▶ DATA TO USE
++++

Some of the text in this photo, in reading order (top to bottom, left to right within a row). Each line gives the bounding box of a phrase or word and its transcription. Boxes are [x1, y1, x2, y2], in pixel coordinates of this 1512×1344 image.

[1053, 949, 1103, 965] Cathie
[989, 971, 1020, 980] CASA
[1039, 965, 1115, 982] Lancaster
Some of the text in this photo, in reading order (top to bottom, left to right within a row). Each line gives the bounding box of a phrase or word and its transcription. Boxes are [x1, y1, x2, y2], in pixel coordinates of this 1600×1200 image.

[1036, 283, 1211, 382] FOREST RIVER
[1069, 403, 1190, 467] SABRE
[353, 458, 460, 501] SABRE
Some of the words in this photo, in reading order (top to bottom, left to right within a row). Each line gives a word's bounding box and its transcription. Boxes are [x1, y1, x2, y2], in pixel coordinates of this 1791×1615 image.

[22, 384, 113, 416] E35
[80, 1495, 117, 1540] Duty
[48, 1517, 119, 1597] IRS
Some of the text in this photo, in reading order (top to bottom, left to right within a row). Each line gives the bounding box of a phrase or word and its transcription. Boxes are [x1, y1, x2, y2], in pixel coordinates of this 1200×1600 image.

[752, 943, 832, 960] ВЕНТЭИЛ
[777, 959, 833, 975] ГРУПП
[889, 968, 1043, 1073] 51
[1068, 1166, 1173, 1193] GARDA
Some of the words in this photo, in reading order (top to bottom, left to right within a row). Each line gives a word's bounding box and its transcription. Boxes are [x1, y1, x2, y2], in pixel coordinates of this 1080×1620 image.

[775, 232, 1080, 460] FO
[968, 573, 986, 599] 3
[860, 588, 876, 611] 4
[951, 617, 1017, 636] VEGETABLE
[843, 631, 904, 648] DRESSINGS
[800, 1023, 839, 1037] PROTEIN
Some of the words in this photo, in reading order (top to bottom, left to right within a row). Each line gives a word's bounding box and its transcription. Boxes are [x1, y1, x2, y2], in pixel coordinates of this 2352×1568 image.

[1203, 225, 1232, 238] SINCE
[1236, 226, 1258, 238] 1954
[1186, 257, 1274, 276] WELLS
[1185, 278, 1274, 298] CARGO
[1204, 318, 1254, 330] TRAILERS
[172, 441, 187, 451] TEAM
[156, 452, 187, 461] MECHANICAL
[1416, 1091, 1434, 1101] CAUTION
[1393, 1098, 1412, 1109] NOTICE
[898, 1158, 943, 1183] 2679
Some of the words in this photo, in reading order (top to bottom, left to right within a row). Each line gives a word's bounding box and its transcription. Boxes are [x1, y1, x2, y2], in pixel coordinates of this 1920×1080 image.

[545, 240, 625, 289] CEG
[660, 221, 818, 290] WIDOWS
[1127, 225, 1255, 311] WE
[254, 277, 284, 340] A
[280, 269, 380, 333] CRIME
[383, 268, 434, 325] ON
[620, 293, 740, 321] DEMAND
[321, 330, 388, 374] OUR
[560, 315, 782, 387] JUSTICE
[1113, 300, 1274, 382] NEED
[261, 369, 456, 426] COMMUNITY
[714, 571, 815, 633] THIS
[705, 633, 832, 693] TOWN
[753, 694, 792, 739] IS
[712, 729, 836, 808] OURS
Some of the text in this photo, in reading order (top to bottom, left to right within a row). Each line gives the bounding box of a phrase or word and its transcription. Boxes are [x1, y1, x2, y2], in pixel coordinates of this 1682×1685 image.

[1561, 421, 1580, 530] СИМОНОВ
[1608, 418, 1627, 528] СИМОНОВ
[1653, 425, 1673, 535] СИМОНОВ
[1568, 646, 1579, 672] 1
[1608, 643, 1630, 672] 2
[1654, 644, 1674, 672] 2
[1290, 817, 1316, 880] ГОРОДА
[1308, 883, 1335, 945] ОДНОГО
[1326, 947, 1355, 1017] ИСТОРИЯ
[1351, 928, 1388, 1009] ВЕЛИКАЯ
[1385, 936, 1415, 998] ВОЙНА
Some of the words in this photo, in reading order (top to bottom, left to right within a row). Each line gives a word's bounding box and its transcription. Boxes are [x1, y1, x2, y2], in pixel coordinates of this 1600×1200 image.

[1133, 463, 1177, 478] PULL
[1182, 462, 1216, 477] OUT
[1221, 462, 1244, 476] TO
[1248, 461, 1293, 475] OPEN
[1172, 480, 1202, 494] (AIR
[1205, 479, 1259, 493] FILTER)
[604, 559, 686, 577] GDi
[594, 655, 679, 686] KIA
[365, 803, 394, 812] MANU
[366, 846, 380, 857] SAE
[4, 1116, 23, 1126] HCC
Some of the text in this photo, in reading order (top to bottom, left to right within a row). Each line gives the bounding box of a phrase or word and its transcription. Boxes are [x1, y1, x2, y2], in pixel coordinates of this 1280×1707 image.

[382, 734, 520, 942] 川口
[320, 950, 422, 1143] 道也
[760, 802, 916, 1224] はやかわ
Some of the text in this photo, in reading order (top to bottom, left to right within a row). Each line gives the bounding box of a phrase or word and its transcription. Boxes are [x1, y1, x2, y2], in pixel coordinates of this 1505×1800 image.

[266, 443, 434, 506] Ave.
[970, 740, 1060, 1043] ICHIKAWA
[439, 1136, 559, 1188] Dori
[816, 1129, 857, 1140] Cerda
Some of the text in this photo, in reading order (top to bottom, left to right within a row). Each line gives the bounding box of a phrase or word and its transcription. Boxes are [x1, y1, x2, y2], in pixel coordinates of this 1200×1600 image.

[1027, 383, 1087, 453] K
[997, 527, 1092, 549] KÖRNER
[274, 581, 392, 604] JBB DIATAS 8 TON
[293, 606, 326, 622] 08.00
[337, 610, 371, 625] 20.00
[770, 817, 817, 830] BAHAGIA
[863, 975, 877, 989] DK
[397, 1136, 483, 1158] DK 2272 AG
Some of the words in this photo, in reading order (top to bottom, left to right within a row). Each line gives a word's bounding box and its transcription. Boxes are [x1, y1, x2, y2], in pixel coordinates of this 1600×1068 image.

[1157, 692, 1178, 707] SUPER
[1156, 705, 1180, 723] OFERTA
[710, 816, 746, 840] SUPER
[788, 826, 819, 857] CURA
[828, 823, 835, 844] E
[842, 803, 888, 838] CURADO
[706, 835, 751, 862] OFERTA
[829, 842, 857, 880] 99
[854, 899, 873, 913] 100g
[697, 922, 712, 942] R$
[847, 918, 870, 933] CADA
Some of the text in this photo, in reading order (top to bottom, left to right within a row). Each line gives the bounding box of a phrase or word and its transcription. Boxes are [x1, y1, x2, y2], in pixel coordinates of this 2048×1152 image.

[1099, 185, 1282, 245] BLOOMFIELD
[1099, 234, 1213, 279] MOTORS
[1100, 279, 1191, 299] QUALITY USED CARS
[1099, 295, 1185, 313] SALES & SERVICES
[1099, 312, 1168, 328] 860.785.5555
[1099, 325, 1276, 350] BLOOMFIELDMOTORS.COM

++++

▶ TASK DIRECTIONS
With no line skipped, output the listing in full.

▶ SOLUTION FOR THIS PROBLEM
Some of the text in this photo, in reading order (top to bottom, left to right within a row). Each line gives the bounding box of a phrase or word and its transcription. Boxes are [x1, y1, x2, y2], in pixel coordinates of this 1512×1344 image.

[1053, 949, 1103, 965] Cathie
[989, 971, 1020, 980] CASA
[1039, 965, 1115, 982] Lancaster
Some of the text in this photo, in reading order (top to bottom, left to right within a row). Each line gives the bounding box of a phrase or word and its transcription. Boxes are [x1, y1, x2, y2], in pixel coordinates of this 1600×1200 image.

[1036, 283, 1211, 382] FOREST RIVER
[1069, 403, 1190, 467] SABRE
[353, 458, 460, 501] SABRE
Some of the words in this photo, in reading order (top to bottom, left to right within a row). Each line gives a word's bounding box and its transcription. Boxes are [x1, y1, x2, y2], in pixel coordinates of this 1791×1615 image.

[22, 384, 113, 416] E35
[80, 1495, 117, 1540] Duty
[48, 1517, 119, 1597] IRS
Some of the text in this photo, in reading order (top to bottom, left to right within a row). Each line gives the bounding box of a phrase or word and its transcription. Boxes are [x1, y1, x2, y2], in pixel coordinates of this 1200×1600 image.

[752, 943, 832, 960] ВЕНТЭИЛ
[777, 959, 833, 975] ГРУПП
[889, 968, 1043, 1073] 51
[1068, 1166, 1173, 1193] GARDA
Some of the words in this photo, in reading order (top to bottom, left to right within a row). Each line gives a word's bounding box and its transcription. Boxes are [x1, y1, x2, y2], in pixel coordinates of this 1080×1620 image.

[775, 232, 1080, 460] FO
[968, 573, 986, 599] 3
[860, 588, 876, 611] 4
[951, 617, 1017, 636] VEGETABLE
[843, 631, 904, 648] DRESSINGS
[800, 1023, 839, 1037] PROTEIN
Some of the words in this photo, in reading order (top to bottom, left to right within a row). Each line gives a word's bounding box and its transcription. Boxes are [x1, y1, x2, y2], in pixel coordinates of this 2352×1568 image.

[1203, 225, 1232, 238] SINCE
[1236, 226, 1258, 238] 1954
[1186, 257, 1274, 276] WELLS
[1185, 278, 1274, 298] CARGO
[1204, 318, 1254, 330] TRAILERS
[172, 441, 187, 451] TEAM
[156, 452, 187, 461] MECHANICAL
[1416, 1091, 1434, 1101] CAUTION
[1393, 1098, 1412, 1109] NOTICE
[898, 1158, 943, 1183] 2679
Some of the words in this photo, in reading order (top to bottom, left to right within a row). Each line gives a word's bounding box and its transcription. Boxes are [x1, y1, x2, y2], in pixel coordinates of this 1920×1080 image.

[545, 240, 625, 289] CEG
[660, 221, 818, 290] WIDOWS
[1127, 225, 1255, 311] WE
[254, 277, 284, 340] A
[280, 269, 380, 333] CRIME
[383, 268, 434, 325] ON
[620, 293, 740, 321] DEMAND
[321, 330, 388, 374] OUR
[560, 315, 782, 387] JUSTICE
[1113, 300, 1274, 382] NEED
[261, 369, 456, 426] COMMUNITY
[714, 571, 815, 633] THIS
[705, 633, 832, 693] TOWN
[753, 694, 792, 739] IS
[712, 729, 836, 808] OURS
Some of the text in this photo, in reading order (top to bottom, left to right within a row). Each line gives the bounding box of a phrase or word and its transcription. Boxes are [x1, y1, x2, y2], in pixel coordinates of this 1682×1685 image.

[1561, 421, 1580, 530] СИМОНОВ
[1608, 418, 1627, 528] СИМОНОВ
[1653, 425, 1673, 535] СИМОНОВ
[1568, 646, 1579, 672] 1
[1608, 643, 1630, 672] 2
[1654, 644, 1674, 672] 2
[1290, 817, 1316, 880] ГОРОДА
[1308, 883, 1335, 945] ОДНОГО
[1326, 947, 1355, 1017] ИСТОРИЯ
[1351, 928, 1388, 1009] ВЕЛИКАЯ
[1385, 936, 1415, 998] ВОЙНА
Some of the words in this photo, in reading order (top to bottom, left to right within a row). Each line gives a word's bounding box and its transcription. Boxes are [x1, y1, x2, y2], in pixel coordinates of this 1600×1200 image.

[1133, 463, 1177, 478] PULL
[1182, 462, 1216, 477] OUT
[1221, 462, 1244, 476] TO
[1248, 461, 1293, 475] OPEN
[1172, 480, 1202, 494] (AIR
[1205, 479, 1259, 493] FILTER)
[604, 559, 686, 577] GDi
[594, 655, 679, 686] KIA
[365, 803, 394, 812] MANU
[366, 846, 380, 857] SAE
[4, 1116, 23, 1126] HCC
Some of the text in this photo, in reading order (top to bottom, left to right within a row). Each line gives the bounding box of a phrase or word and its transcription. Boxes are [x1, y1, x2, y2], in pixel coordinates of this 1280×1707 image.

[382, 734, 520, 942] 川口
[320, 950, 422, 1143] 道也
[760, 802, 916, 1224] はやかわ
Some of the text in this photo, in reading order (top to bottom, left to right within a row). Each line gives the bounding box of a phrase or word and its transcription. Boxes are [x1, y1, x2, y2], in pixel coordinates of this 1505×1800 image.

[266, 443, 434, 506] Ave.
[970, 740, 1060, 1043] ICHIKAWA
[439, 1136, 559, 1188] Dori
[816, 1129, 857, 1140] Cerda
Some of the text in this photo, in reading order (top to bottom, left to right within a row). Each line gives the bounding box of a phrase or word and its transcription. Boxes are [x1, y1, x2, y2], in pixel coordinates of this 1200×1600 image.

[1027, 383, 1087, 453] K
[997, 527, 1092, 549] KÖRNER
[274, 581, 392, 604] JBB DIATAS 8 TON
[293, 606, 326, 622] 08.00
[337, 610, 371, 625] 20.00
[770, 817, 817, 830] BAHAGIA
[863, 975, 877, 989] DK
[397, 1136, 483, 1158] DK 2272 AG
Some of the words in this photo, in reading order (top to bottom, left to right within a row). Each line gives a word's bounding box and its transcription. Boxes are [x1, y1, x2, y2], in pixel coordinates of this 1600×1068 image.

[1157, 692, 1178, 707] SUPER
[1156, 705, 1180, 723] OFERTA
[710, 816, 746, 840] SUPER
[788, 826, 819, 857] CURA
[828, 823, 835, 844] E
[842, 803, 888, 838] CURADO
[706, 835, 751, 862] OFERTA
[829, 842, 857, 880] 99
[854, 899, 873, 913] 100g
[697, 922, 712, 942] R$
[847, 918, 870, 933] CADA
Some of the text in this photo, in reading order (top to bottom, left to right within a row). Each line gives the bounding box of a phrase or word and its transcription. Boxes are [x1, y1, x2, y2], in pixel coordinates of this 2048×1152 image.

[1099, 185, 1282, 245] BLOOMFIELD
[1099, 234, 1213, 279] MOTORS
[1100, 279, 1191, 299] QUALITY USED CARS
[1099, 295, 1185, 313] SALES & SERVICES
[1099, 312, 1168, 328] 860.785.5555
[1099, 325, 1276, 350] BLOOMFIELDMOTORS.COM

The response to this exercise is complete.